Insoweit ergibt sich aus der beigezogenen Ermittlungsakte, daß der Kläger sich in der Hauptverhandlung vor dem Amtsgericht Rheinberg am 26. Februar 1998 - wie auch hier - dahin eingelassen hat, der Brand sei von ihm versehentlich verursacht worden, als er in dem Kaminofen im Wohnzimmer unter Zuhilfenahme von Brennspiritus ein Feuer entzünden wollte (BA 146). Diese Schilderung deckt sich nicht nur mit dem Vorwurf in der Anklageschrift und dem von dem Gebäudeversicherer ermittelten Sachverhalt, sondern entspricht auch den Angaben, die der Kläger bereits am Tattage gegenüber der Polizei gemacht hat (BA 3). Gestützt wird diese Darstellung ferner durch die Erklärungen, die sein 7-jähriger Bruder ebenfalls bereits kurz nach Brandausbruch gegenüber der Polizei abgegeben hat. Danach hat der Kläger ihm gegenüber bei der Warnung vor dem Feuer geäußert, daß er "Anzünder für den Ofen in den Kamin gesteckt" habe (BA 7). Mit Rücksicht darauf ist die Polizei - in Kenntnis der Zwangsversteigerung des Gebäudes schon am Brandtage davon ausgegangen, daß eine vorsätzliche Brandstiftung anscheinend auszuschließen sei (BA 9).
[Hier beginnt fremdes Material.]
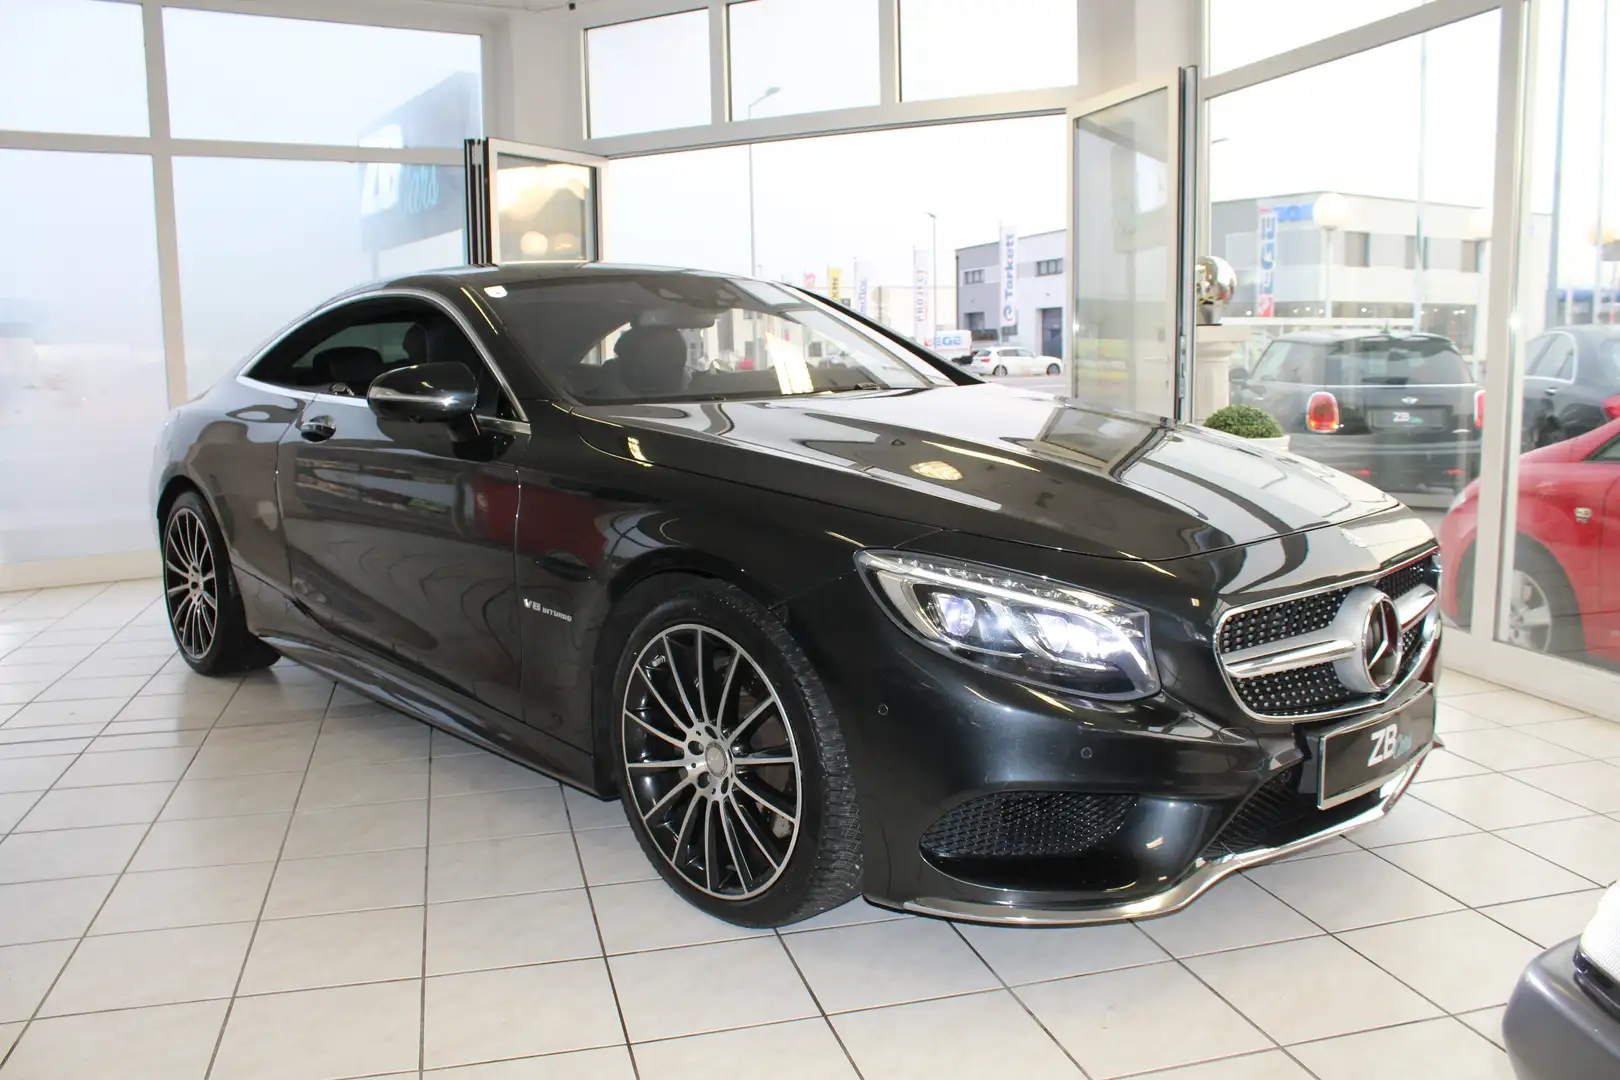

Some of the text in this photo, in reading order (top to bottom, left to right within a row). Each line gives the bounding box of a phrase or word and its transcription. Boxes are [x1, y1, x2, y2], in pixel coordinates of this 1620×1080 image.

[1004, 233, 1015, 300] Tarkett
[523, 598, 573, 622] V8 BITURBO
[1367, 723, 1398, 767] ZB
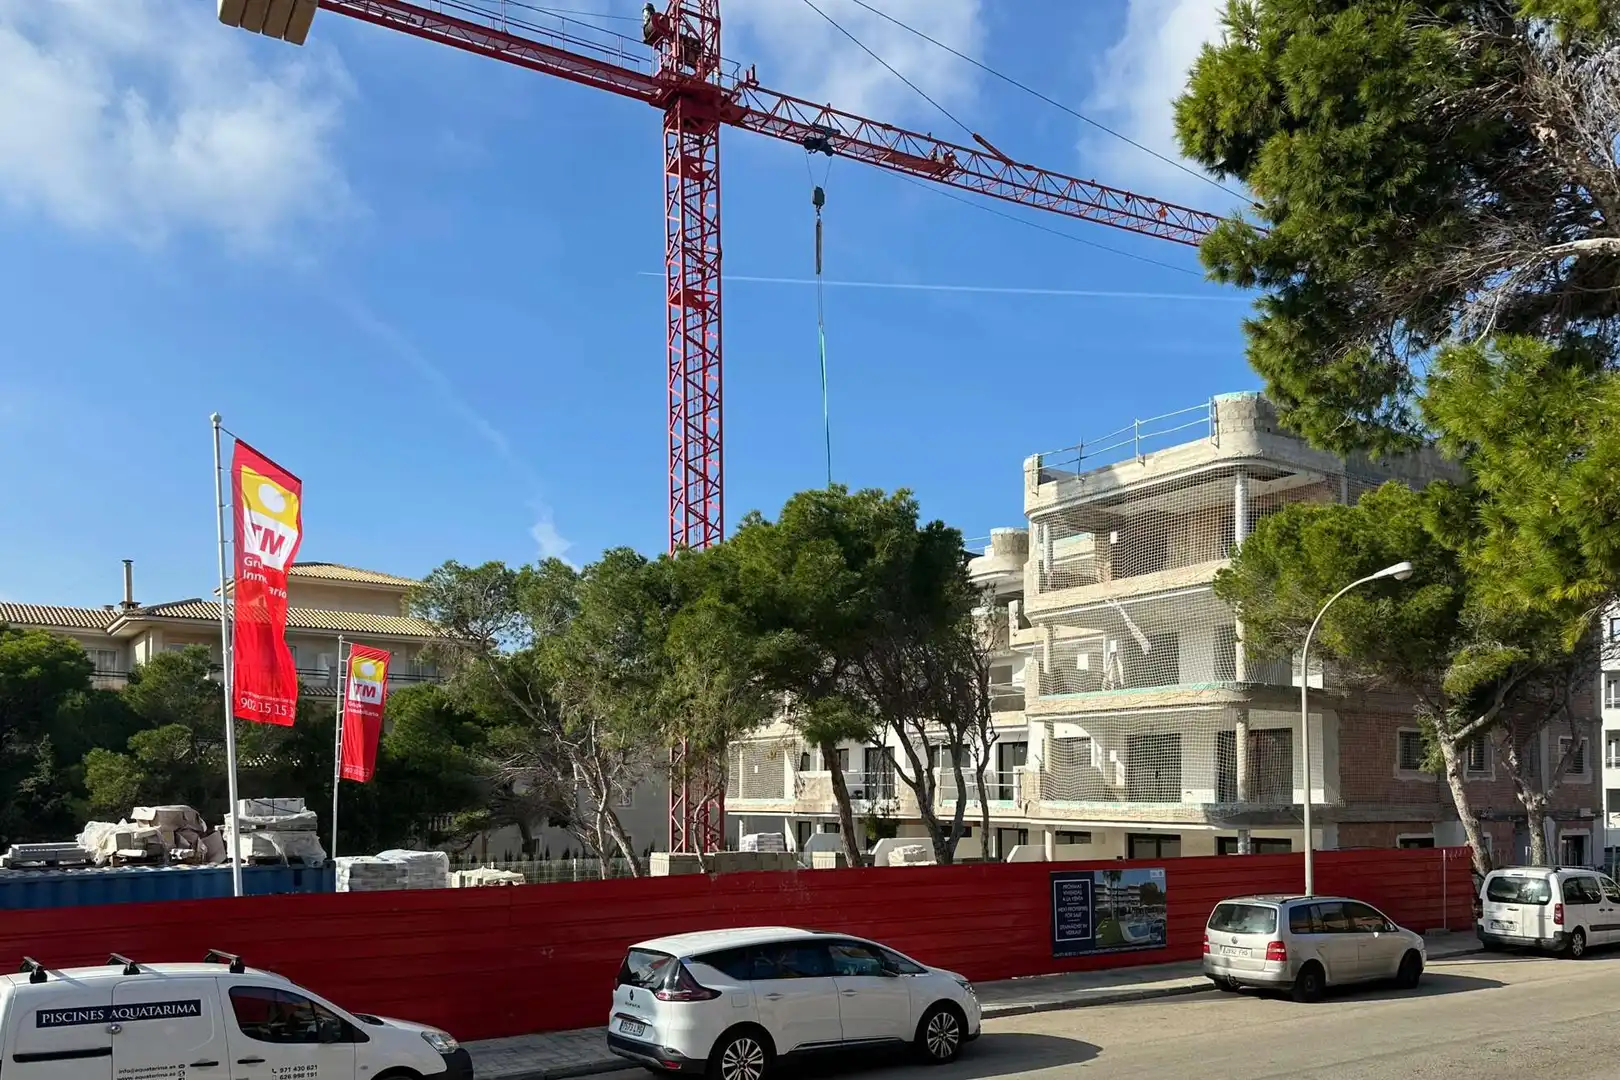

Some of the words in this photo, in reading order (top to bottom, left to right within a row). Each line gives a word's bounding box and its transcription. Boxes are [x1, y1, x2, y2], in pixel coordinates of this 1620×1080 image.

[258, 701, 272, 714] 15
[274, 703, 287, 716] 15
[42, 1009, 104, 1024] PISCINES
[110, 1003, 197, 1020] AQUATARIMA
Für die Richtigkeit dieser Bewertung spricht ferner die Tatsache, daß die 10-jährige Schwester C des Klägers sich noch im Haus befand, als das Feuer ausbrach (BA 7, 9) und daß der Kläger sich eine - wenn auch nicht besonders gravierende - Brandvergiftung zugezogen hat, als er - wie auch die Beklagte einräumt (GA 152)- einen Löschversuch unternahm.

Die Annahme einer nur fahrlässigen Brandstiftung wird gleichfalls durch das im Auftrag der Staatsanwaltschaft eingeholte Brandursachengutachten gestützt. Danach ist das Feuer ausgebrochen, weil der Kläger das Brennmaterial, bestehend aus Braunkohlebriketts und Holz sowie Stroh und Resten einer Spanplatte (BA 39) mit Hilfe von Brennspiritus in Brand setzen wollte (BA 93 f.). Soweit die Mutter des Klägers bei ihrer polizeilichen Befragung angegeben hat, Heu oder Stroh "sei ihres Wissens" im Haus nicht vorhanden gewesen (BA 8), wird dadurch - entgegen der Auffassung der Beklagten - eine fahrlässige Inbrandsetzung nicht in Frage gestellt (so aber die Beklagte BA 151), da der Sachverständige tatsächlich entsprechende Brandrückstände vorgefunden hat und nicht ersichtlich ist, inwiefern die Beimischung von Stroh ein Indiz für eine vorsätzliche Brandstiftung sein könnte. Auch die Entzündung des Feuers findet durch das Gutachten eine plausible Erklärung, da zum Zeitpunkt des Brandes die Außentemperaturen nur + 8° betrugen (BA 32) und der zur Befeuerung der Heizung vorgehaltene Flüssiggastank vollständig entleert war (BA 35). Soweit die Beklagte ein Beheizen der Wohnung aufgrund der winterlichen Temperaturen für nicht erforderlich hält, ist das nicht nachvollziehbar.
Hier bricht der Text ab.